▶ _Task directions_:
Images are to be dropped; everything else in the entries below must be copied exactly.

▶ _Records for the exercise_:

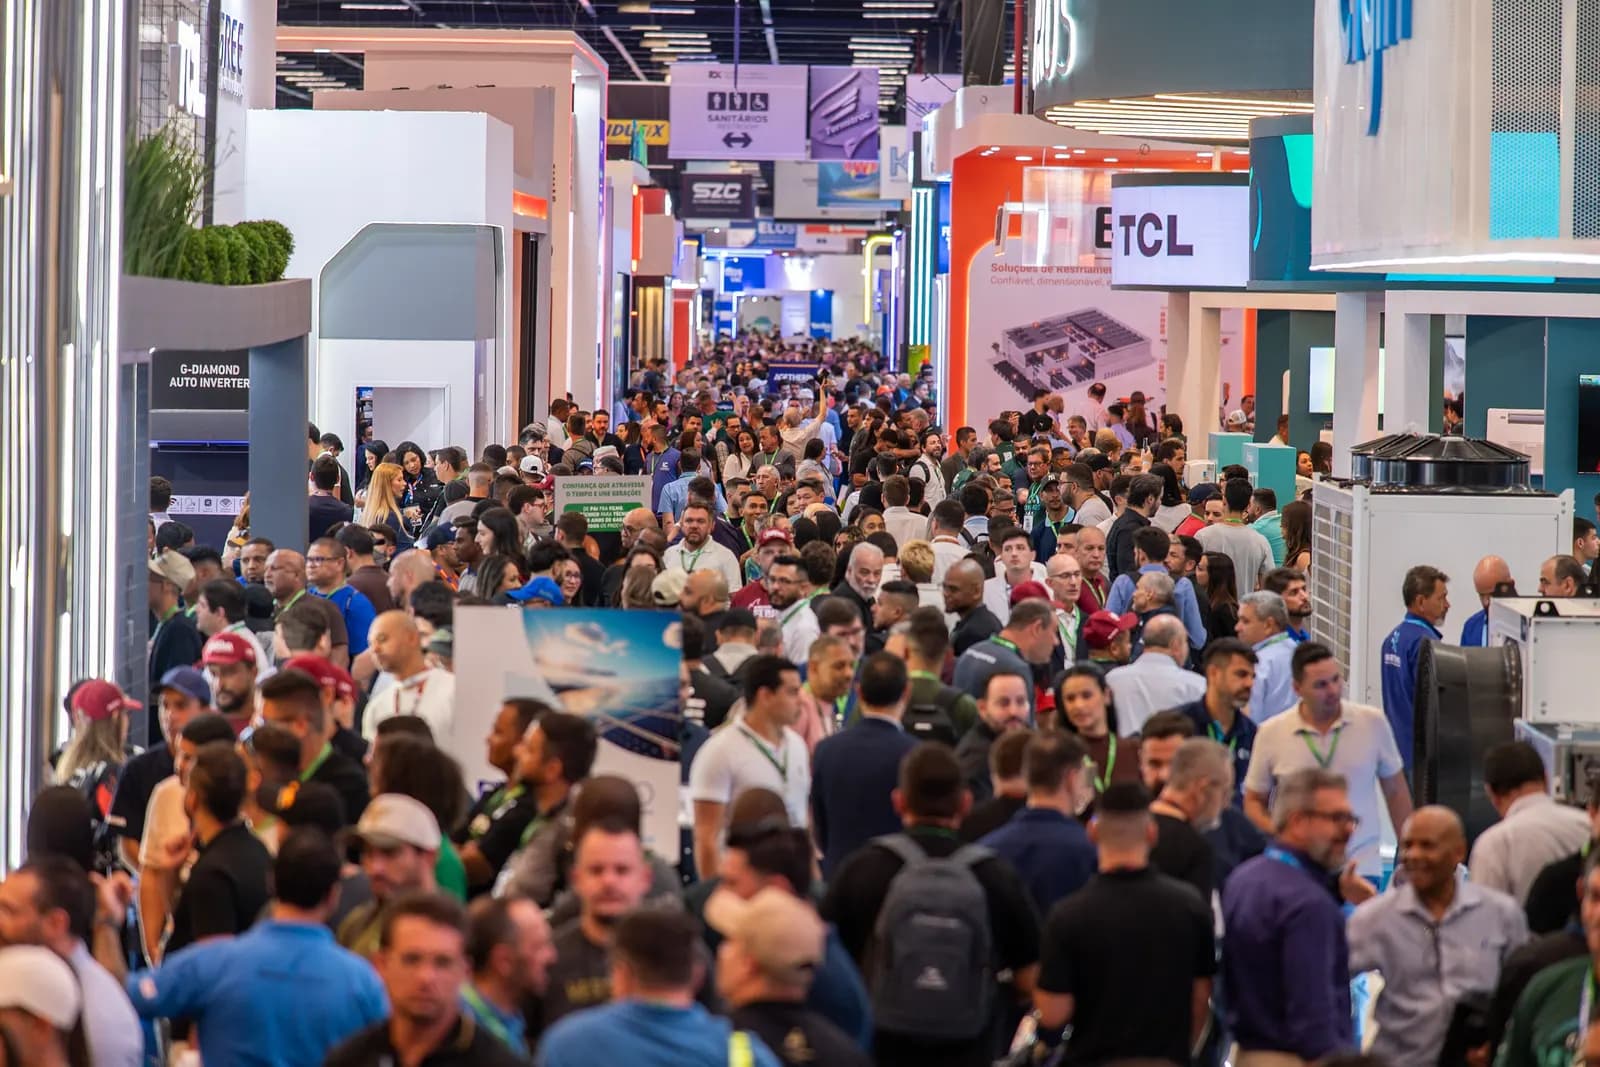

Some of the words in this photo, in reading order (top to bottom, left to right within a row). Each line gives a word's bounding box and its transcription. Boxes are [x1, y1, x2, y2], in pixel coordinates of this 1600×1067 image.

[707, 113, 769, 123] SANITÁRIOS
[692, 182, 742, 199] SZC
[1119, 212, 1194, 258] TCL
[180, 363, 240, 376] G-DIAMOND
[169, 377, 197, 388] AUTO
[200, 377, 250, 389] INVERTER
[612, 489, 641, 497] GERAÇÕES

▶ _Final answer_:
Some of the words in this photo, in reading order (top to bottom, left to right within a row). Each line gives a word's bounding box and its transcription. Boxes are [x1, y1, x2, y2], in pixel coordinates of this 1600×1067 image.

[707, 113, 769, 123] SANITÁRIOS
[692, 182, 742, 199] SZC
[1119, 212, 1194, 258] TCL
[180, 363, 240, 376] G-DIAMOND
[169, 377, 197, 388] AUTO
[200, 377, 250, 389] INVERTER
[612, 489, 641, 497] GERAÇÕES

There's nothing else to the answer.